AjD-associated suicidality deserves particular clinical attention. Studies by Polyakova et al. (1998) and Kryzhanovskaya and Canterbury (2001) found that AjD was diagnosed in approximately 25% of adolescent suicide attempters and up to 30% of completed suicides in younger populations. The mechanism may differ from MDD: AjD-related suicidal behavior often has a more impulsive, crisis-driven character, with shorter duration between ideation onset and attempt, and may involve different risk factors (acute interpersonal conflict, legal problems, occupational loss) than the sustained hopelessness more characteristic of MDD-related suicidality.

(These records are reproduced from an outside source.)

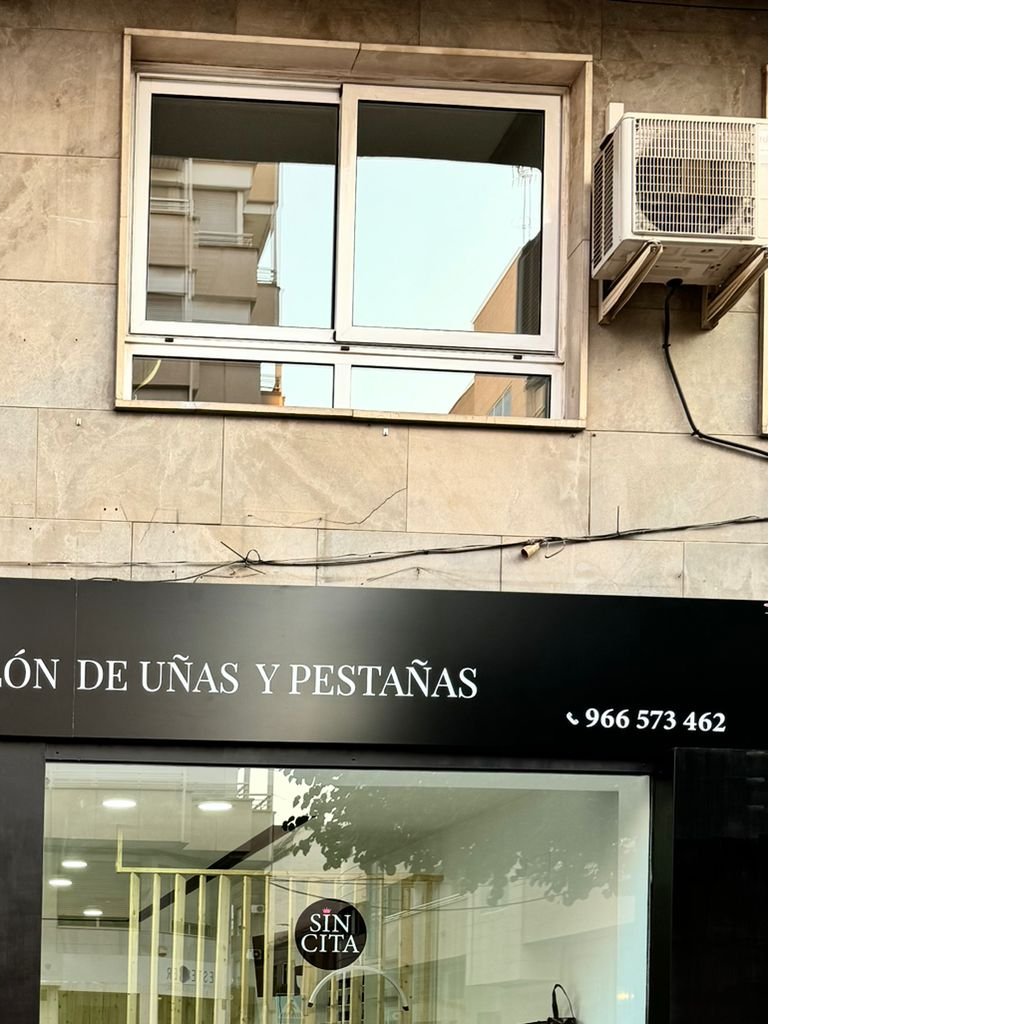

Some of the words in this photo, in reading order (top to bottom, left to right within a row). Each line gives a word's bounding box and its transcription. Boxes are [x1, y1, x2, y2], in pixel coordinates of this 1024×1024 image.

[76, 659, 128, 691] DE
[139, 655, 239, 694] UÑAS
[255, 663, 281, 695] Y
[287, 659, 478, 699] PESTAÑAS
[585, 708, 630, 728] 966
[636, 709, 676, 730] 573
[683, 711, 726, 732] 462
[310, 913, 352, 933] SIN
[301, 933, 360, 953] CITA

This impulsive pattern means that AjD-related suicidality may be less amenable to traditional risk stratification tools calibrated for chronic depressive presentations. Safety planning and means restriction may be disproportionately important in AjD crisis presentations, and clinicians should not allow the "mild" connotations of an AjD diagnosis to reduce vigilance regarding suicidal risk.

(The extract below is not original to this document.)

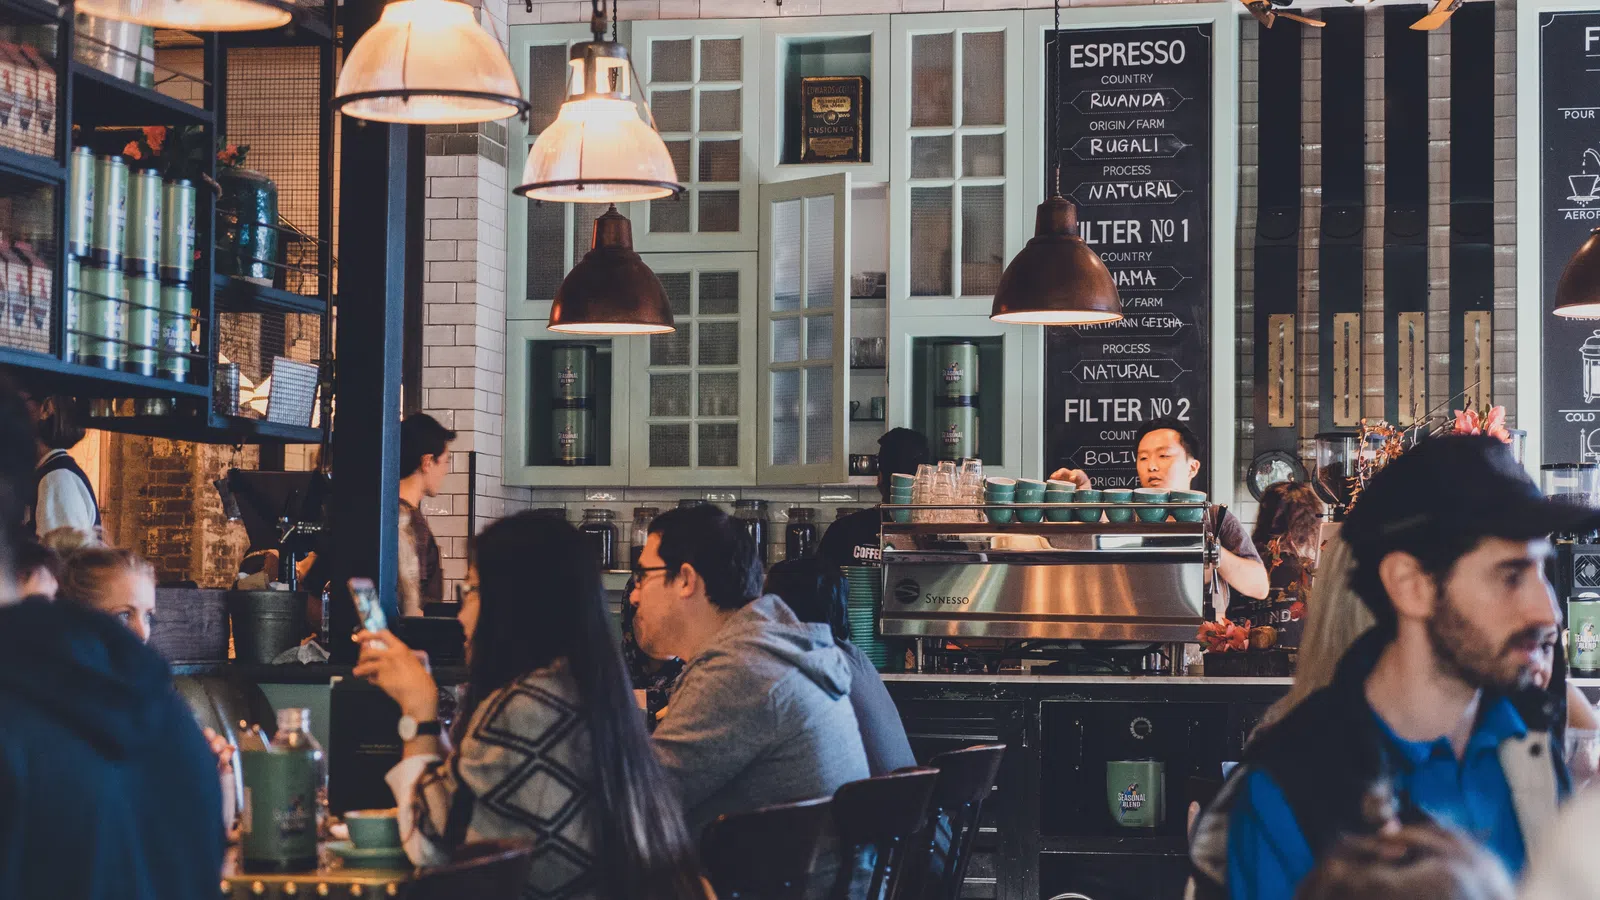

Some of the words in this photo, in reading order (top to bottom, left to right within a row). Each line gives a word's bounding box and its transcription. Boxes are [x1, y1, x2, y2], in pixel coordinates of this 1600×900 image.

Special Populations and Contextual Considerations
Adolescents
AjD is proportionally more common in adolescents than adults, often presenting after school transitions, family disruption, or peer conflict. The diagnostic challenge is distinguishing AjD from early-onset MDD, which carries a particularly severe prognostic trajectory. Longitudinal data suggest that adolescents with AjD who exhibit significant anhedonia, cognitive symptoms (hopelessness, worthlessness), or neurovegetative signs warrant close monitoring for progression to MDD.
Older Adults
In geriatric populations, both conditions are underdiagnosed. MDD in older adults more commonly presents with somatic complaints, cognitive impairment ("pseudodementia"), and irritability rather than classic sadness. AjD in older adults frequently follows bereavement, medical diagnosis, institutionalization, or functional decline. The differential diagnosis with early neurodegenerative disease adds complexity.
Medically Ill Populations
Consultation-liaison psychiatrists diagnose AjD more frequently than any other condition, often in the context of new medical diagnoses (cancer, cardiac events, HIV/AIDS) or surgical procedures. The distinction from MDD in these populations is particularly consequential because MDD in the medically ill is associated with increased mortality, reduced treatment adherence, and longer hospitalization — effects that may be less pronounced in AjD. However, even AjD in medical settings is associated with clinically significant reductions in quality of life and treatment compliance.
Military and Occupational Settings
AjD is one of the most frequently applied diagnoses in military populations, where it may serve as a diagnostic alternative to PTSD or MDD that carries less stigma and fewer career implications. This "soft diagnosis" function raises concerns about diagnostic accuracy and appropriate treatment. In occupational settings, AjD is the leading cause of work disability claims in several European countries and is associated with significant economic costs related to absenteeism and short-term disability.